Michigan is one of eight states in the country with more opioid prescriptions than people. As a part of a public awareness campaign, the University of Michigan has organized an online teach-out course to deleve into the roots of the crisis—the freee course opened for public access Monday.
James DeVaney, associate vice provost for Academic Innovation, explained University teach-outs are done in a collaborative effort from a variety of departments throughout the school and offer a platform on which faculty, students and global audiences can communicate through.
“The opioid epidemic is a perfect topic for the U-M Teach-Out Series,” he said. “It is a complex problem that requires wide-ranging expertise in order to begin to develop meaningful solutions. It is a discussion that is strengthened by experts at U-M and the lived experiences of public learners around the world.”
Opioids are commonly known painkillers that have a high rate of addiction, abuse and overdose. These characteristics are what make these drugs so dangerous, especially when nearly a quarter of a billion opioid prescriptions were written in 2013, according to the Centers for Disease Control and Prevention. According to Michigan State Police and a Kaiser Family Foundation analysis, more Michiganders die from opioid abuse than firearms or car accidents. With the increased availability, deaths due to drug overdoses involving opioids are increasing — taking over 90 American lives a day.
The teach-out will offer an in-depth look at the problem and these concerns, showing the multiple causes and results of the epidemic, as well as ways the public can help fight this growing plague.

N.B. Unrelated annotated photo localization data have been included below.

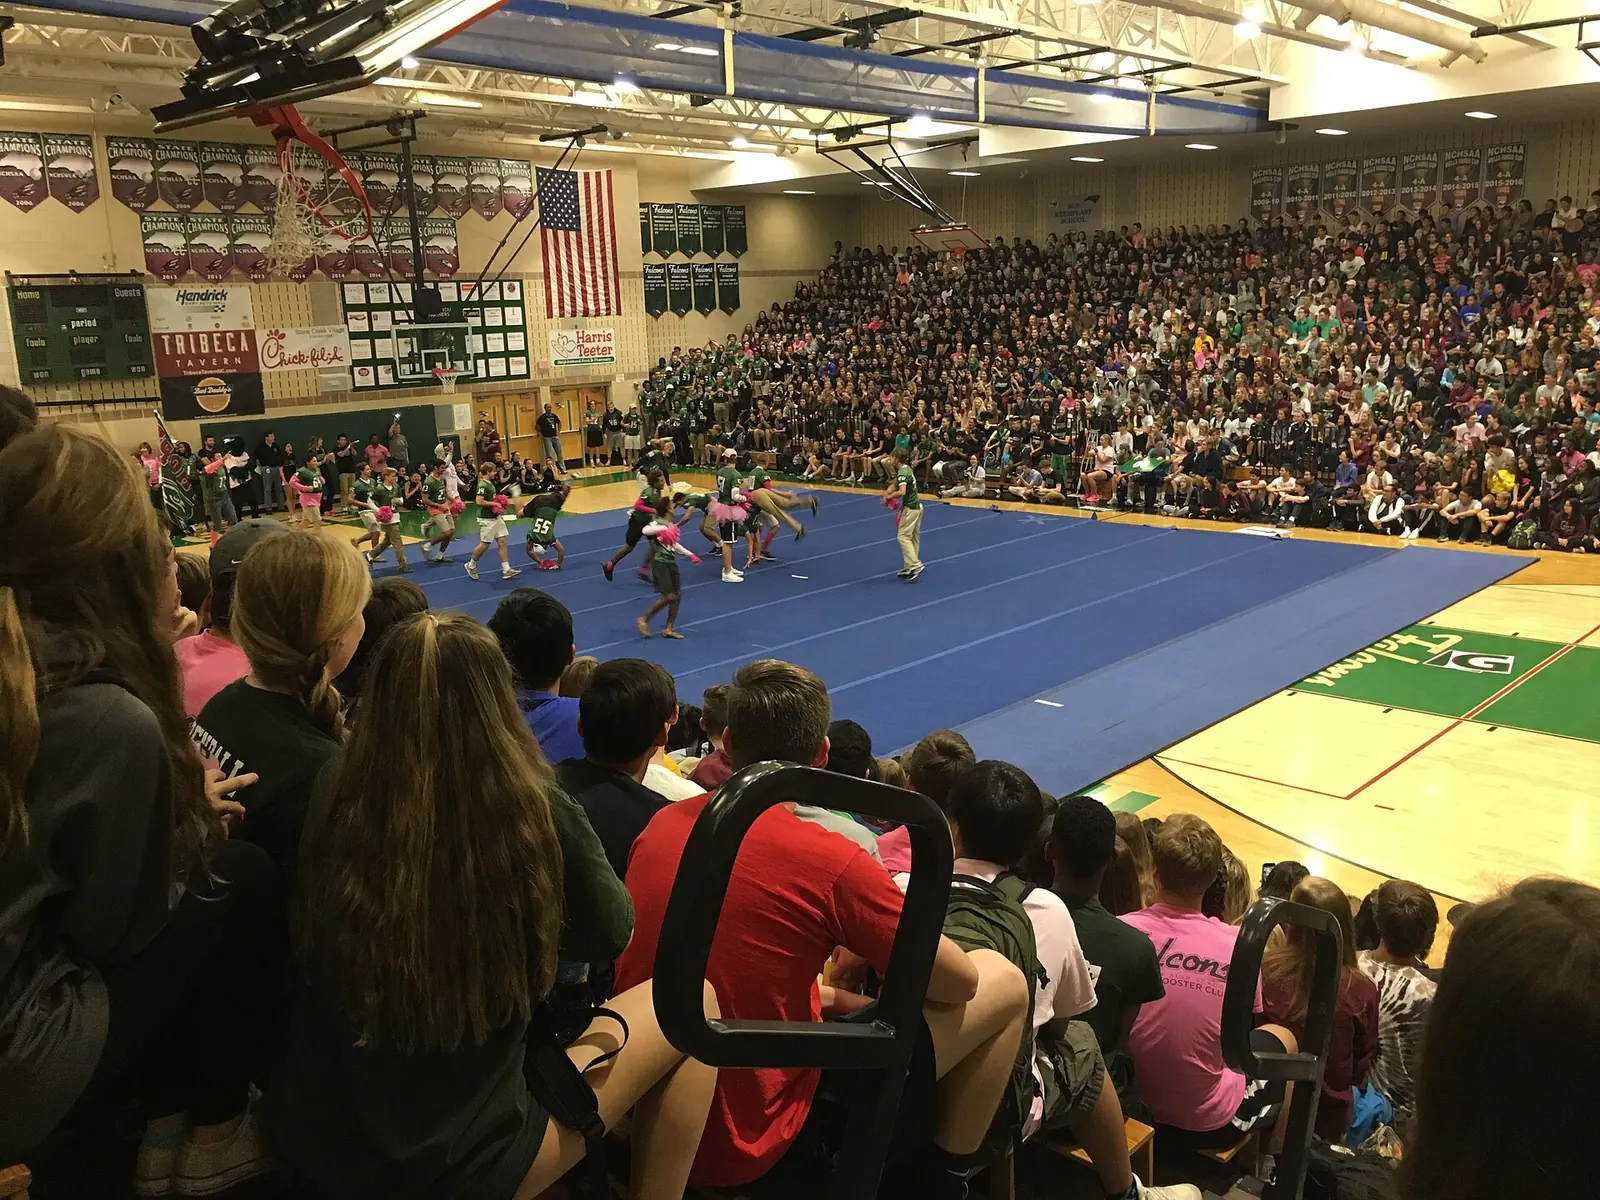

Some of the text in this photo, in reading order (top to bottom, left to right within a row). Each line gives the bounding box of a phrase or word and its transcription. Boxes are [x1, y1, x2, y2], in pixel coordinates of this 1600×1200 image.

[0, 142, 42, 156] HAMPIONS
[45, 144, 93, 158] CHAMPIONS
[108, 147, 152, 160] CHAMPIONS
[1445, 149, 1480, 161] NCHSAA
[1487, 145, 1524, 157] NCHSAA
[156, 150, 199, 163] CHAMPIONS
[202, 152, 242, 165] CHAMPIONS
[1363, 156, 1396, 168] NCHSAA
[1403, 152, 1438, 165] NCHSAA
[364, 161, 399, 174] CHAMPIONS
[435, 165, 467, 176] CHAMPIONS
[469, 165, 500, 177] CHAMPIONS
[1288, 163, 1319, 176] NCHSAA
[1325, 160, 1357, 170] NCHSAA
[501, 167, 530, 179] CHAMPIONS
[1253, 167, 1282, 180] NCHSAA
[1454, 174, 1468, 182] 4-A
[1442, 181, 1479, 191] 2014-2015
[1484, 178, 1524, 188] 2015-2016
[1323, 191, 1357, 200] 2011-2012
[1362, 188, 1396, 197] 2012-2013
[1401, 185, 1436, 194] 2013-2014
[1286, 194, 1318, 203] 2010-2011
[652, 204, 674, 214] Falcons
[677, 204, 698, 214] Falcons
[141, 221, 186, 234] CHAMPIONS
[187, 222, 229, 235] CHAMPIONS
[231, 222, 272, 235] CHAMPIONS
[423, 226, 456, 238] CHAMPIONS
[643, 264, 665, 273] Falcons
[669, 264, 689, 273] Falcons
[693, 264, 714, 273] Falcons
[717, 263, 737, 273] Falcons
[17, 290, 40, 300] Home
[114, 287, 141, 298] Guests
[176, 289, 228, 306] Hendrick
[71, 318, 97, 330] period
[26, 337, 46, 347] fouls
[73, 335, 98, 346] player
[125, 334, 143, 343] fouls
[576, 330, 613, 344] Harris
[161, 331, 250, 356] TRIBECA
[261, 337, 344, 369] Chick-fil-A
[576, 344, 613, 357] Teeter
[176, 357, 242, 368] TAVERN
[33, 371, 50, 379] won
[80, 367, 101, 378] game
[131, 365, 146, 373] won
[533, 518, 552, 535] 55
[1161, 977, 1224, 998] OOSTER CLU

“Participants will have the opportunity to understand the current epidemic by exploring the topic from multiple perspectives,” Devaney said. “Before participants identify and propose new solutions to the crisis, they will learn about the build up to the crisis, the role of pharmacies, the role of the medical community, the role of the pharmaceutical industry and the role of families. Learners will understand how we got here, stigma and what it means for the crisis to be declared a national health emergency.”
Jay Lee, a general surgery resident at Michigan Medicine and part of the faculty participating in the session, is also part of the research team at the Michigan Opioid Prescribing and Engagement Network, in which he has investigated physicians’ role in the epidemic.
“In 2001, physicians embarked on a well-intentioned campaign to improve pain management for patients,” Lee said. “At the same time, pharmaceutical companies began aggressively marketing prescription opioids. The situation was further exacerbated by a study (Addiction Rare in Patients Treated with Narcotics), which, when taken out of context, seemed to suggest that becoming addicted to prescription opioids was very rare."
Lee is also a researcher in many opioid studies that aim to understand the number of opioids needed after surgery, a factor in the growing amount of opioid dependence.
“This information is critical to making opioid prescribing safer,” he said. “Prior to these studies, physicians could only guess about how much opioid a patient would need after surgery. This led to misuse of these medications and an abundance of leftover opioid pills in the community, which frequently end up in the hands of people with opioid addiction.”
Lee explained the teach-out will help integrate the public in the solution of the crisis.
“These will help people better understand the tremendous dangers of these medications, how to use them safely and how to dispose of leftover medications,” he said.
IHPI member Rebecca Haffajee, an assistant professor of health and management policy, is also part of the teach-out’s faculty.
Haffajee said many policies have been put into place, like drug-monitoring programs and pain clinic regulations, but more are still needed for stronger effects.
“We are still evaluating numerous policies, as well as piloting new ones, to tackle this crisis head-on without generating other public health unintended consequences — like reducing access to appropriate opioid prescribing or encouraging substitution from prescription opioids to illicit sources,” she said.
The teach-out will allow a platform for conversation on this topic and provoke some new thoughts in the public.
“We are aiming to reach diverse audiences through this teach-out, to provide views on the crisis from experts of varying fields and perspectives,” she said. “Since almost everyone has been personally affected by the opioid crisis, we all have something to contribute in terms of brainstorming solutions.”